Müssen wir jederzeit und an jedem Ort mit jedem Kommunikationsgerät vernetzt sein? Wo bleibt hier die persönliche Kommunikation mit dem Mitmenschen, mit dem Kunden, mit den Mitarbeitenden? Was wollen Sie mit UCC in Ihrem Unternehmen erreichen?

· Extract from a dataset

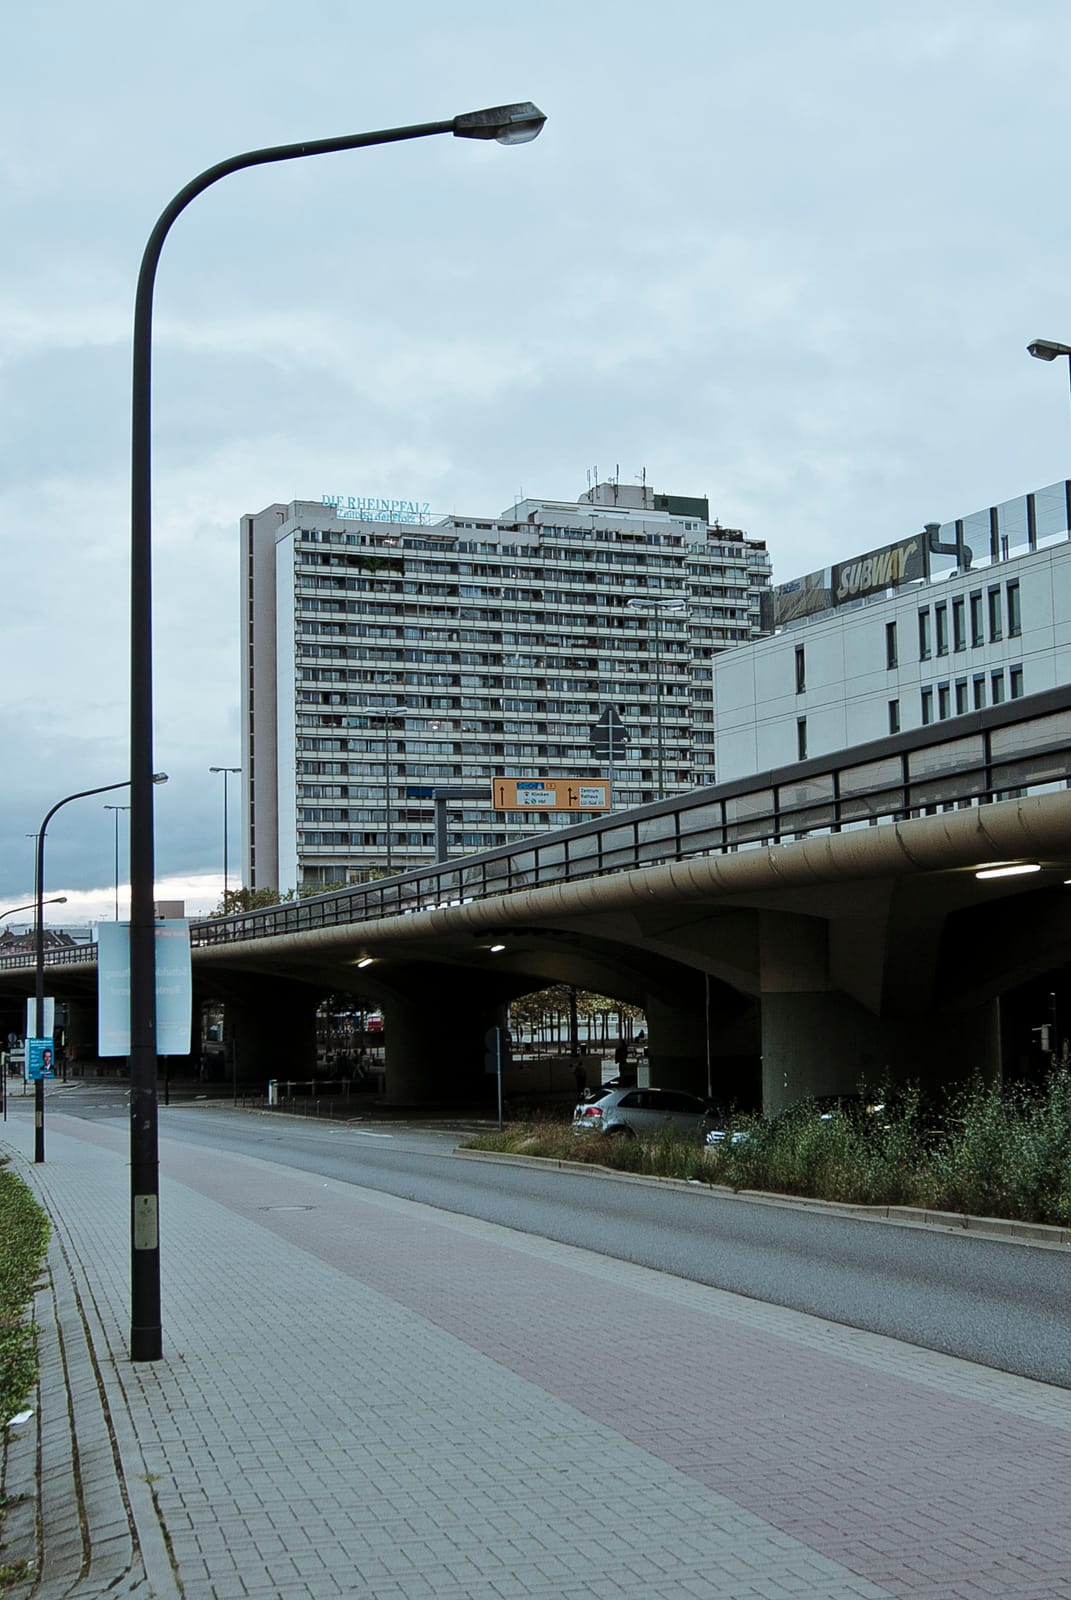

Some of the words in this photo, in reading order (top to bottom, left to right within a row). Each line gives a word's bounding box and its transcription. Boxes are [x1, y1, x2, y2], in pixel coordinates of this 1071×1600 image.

[321, 494, 344, 507] DIE
[347, 496, 430, 513] RHEINPFALZ
[836, 540, 918, 600] SUBWAY

In der Geschäftswelt werden die unterschiedlichsten Kommunikationsarten, -geräte und -anwendungen genutzt. Darunter fallen E-Mail, Instant Messaging, Voicemail, SMS, Video-Meetings, das herkömmliche Telefon, das neue IP-Telefon, das mobile Telefon und die Web-Kollaborationsanwendungen. Die Zahl der pro Mitarbeiter genutzten Geräte und Anwendungen nimmt stetig zu und erhöht die damit verbundene IT-Komplexität zunehmend und kann den Anwender bei der Nutzung überfordern.

Wird die Kommunikation zwischen dem Unternehmen und dem Kunden, zwischen den Mitarbeitenden besser oder nur schneller und komplizierter?

Die dafür notwendigen IT-Infrastrukturen (IP-Telefone, Notebook, PC, Server, Smartphone usw.) sind zumeist durch eine entsprechende Vielzahl von Lösungen und Hersteller geprägt. Dadurch wird die Kommunikation komplex und ineffektiv, während die Kosten für deren Unterhalt stetig steigen. Ziel soll doch sein, die notwendigen Kommunikationskanäle auf ein Minimum zu reduzieren, um sich in der Kommunikation auf das Wesentliche konzentrieren zu können – weniger ist mehr. In der Regel gilt der folgende Grundsatz: Mensch – Prozesse – Technologie. Die Technik allein löst unseren Kommunikationsbedarf nicht. Es müssen auch Weisungen (Regeln) und selbsterklärende Benutzeranleitungen für die korrekte Benutzung erstellt und entsprechend umgesetzt werden. Und dies nicht nur aus der
Sicht der IT-Sicherheit. Die möglichen Risiken müssen bei einem Einsatz neuer Technologien jeweils identifiziert und bewertet werden.